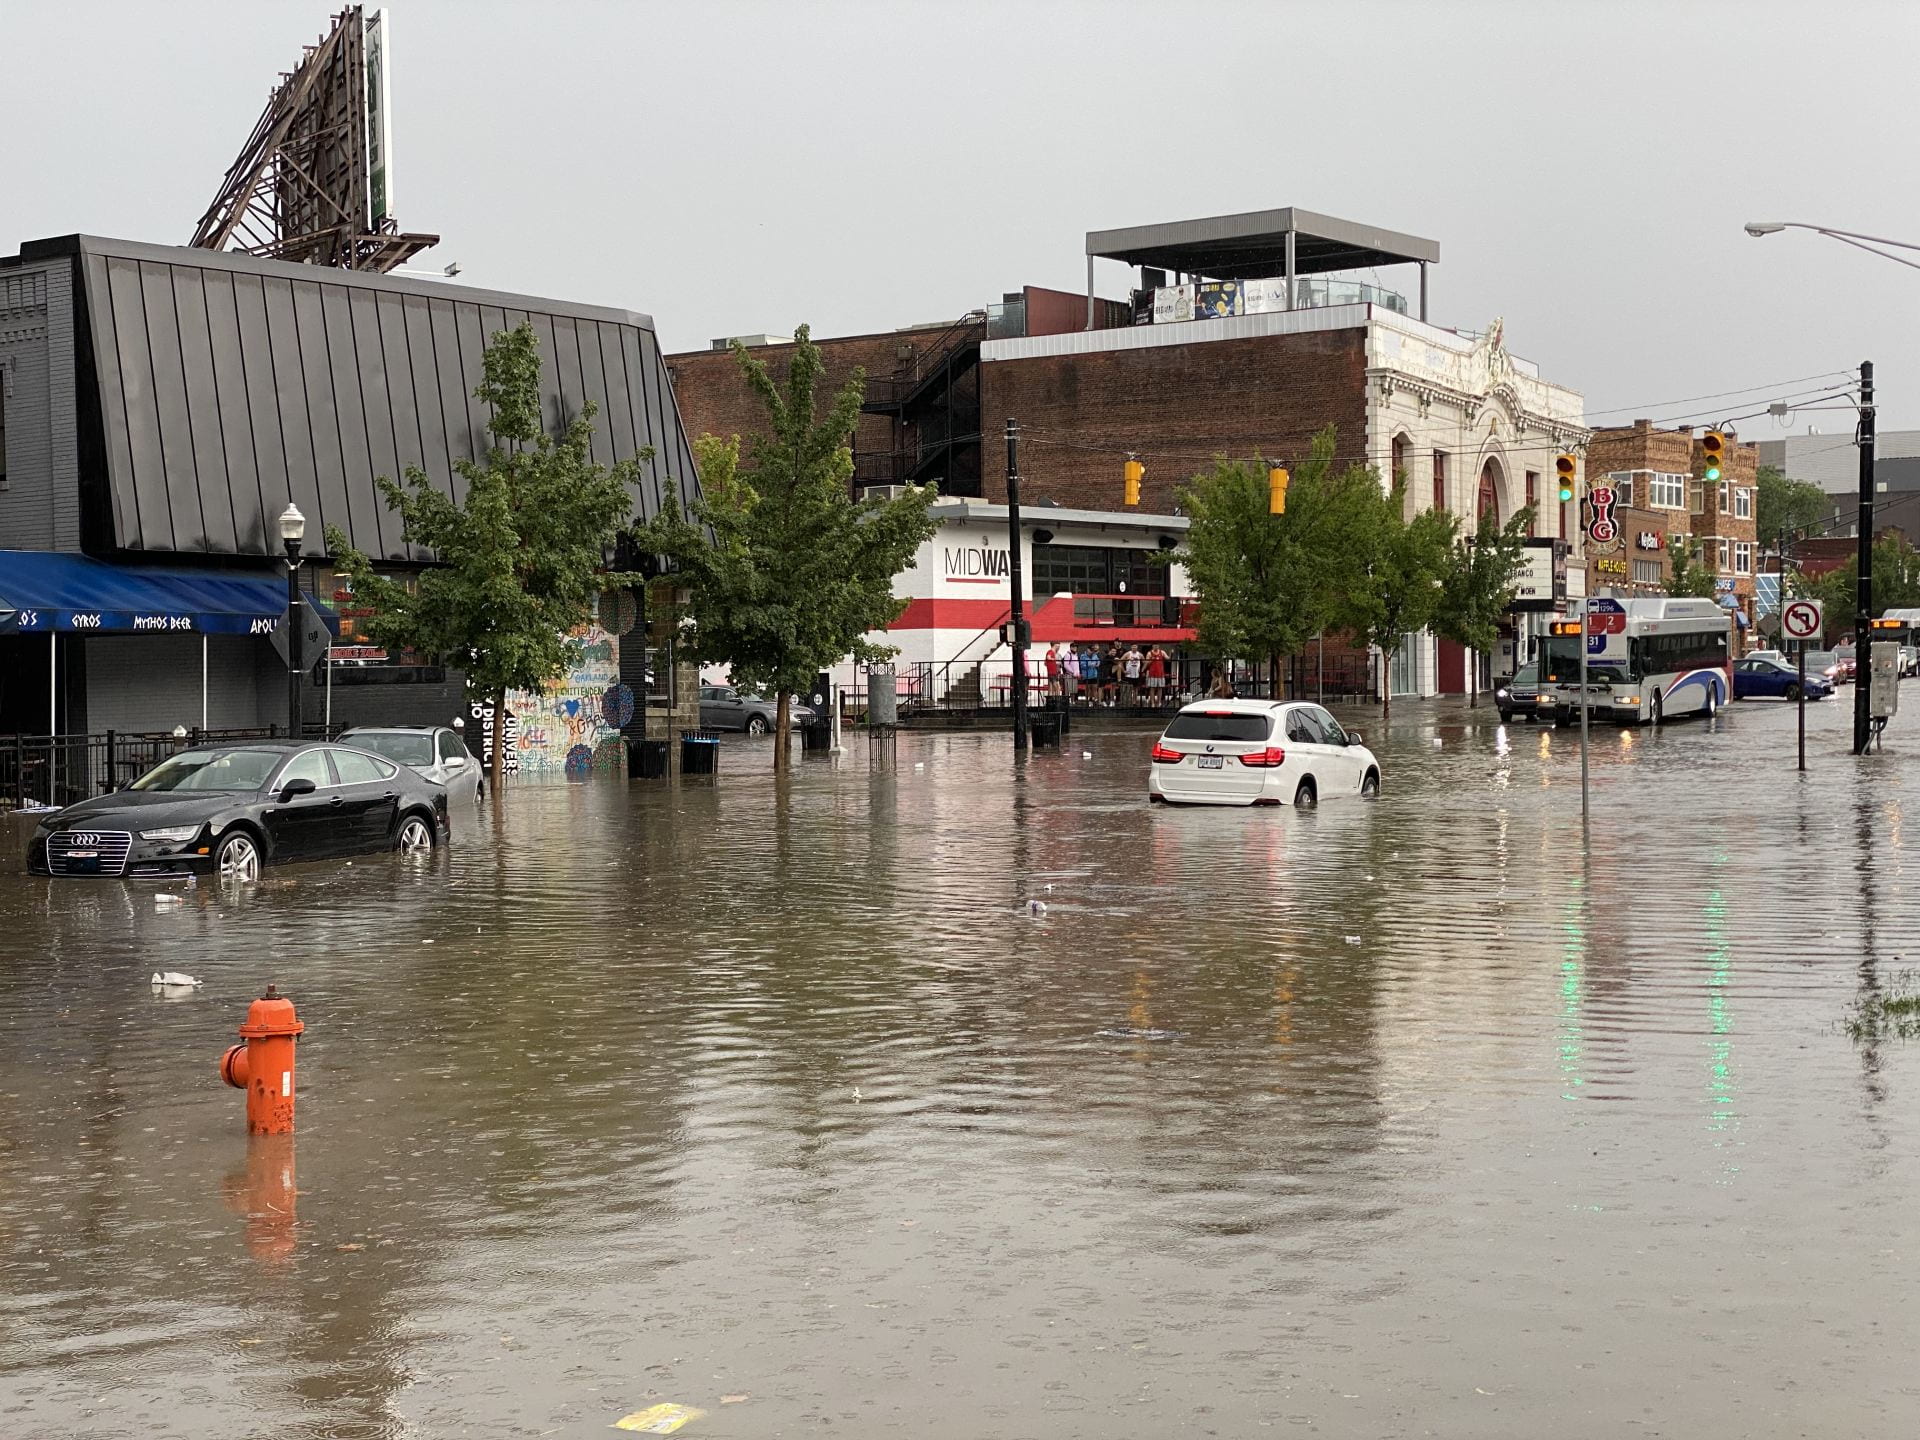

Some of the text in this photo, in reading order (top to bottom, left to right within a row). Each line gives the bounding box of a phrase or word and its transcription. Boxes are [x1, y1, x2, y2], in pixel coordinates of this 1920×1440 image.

[1593, 487, 1613, 540] BIG
[945, 547, 1010, 576] MIDWA
[71, 613, 101, 628] GYROS
[133, 615, 168, 630] MYTHOS
[170, 616, 192, 630] BEER
[1588, 615, 1614, 626] 1 2
[1588, 636, 1599, 646] 31
--------------------------------
Write out every line above exactly, minus images.

▶ [Task result]
Some of the text in this photo, in reading order (top to bottom, left to right within a row). Each line gives the bounding box of a phrase or word and its transcription. Boxes are [x1, y1, x2, y2], in pixel coordinates of this 1920×1440 image.

[1593, 487, 1613, 540] BIG
[945, 547, 1010, 576] MIDWA
[71, 613, 101, 628] GYROS
[133, 615, 168, 630] MYTHOS
[170, 616, 192, 630] BEER
[1588, 615, 1614, 626] 1 2
[1588, 636, 1599, 646] 31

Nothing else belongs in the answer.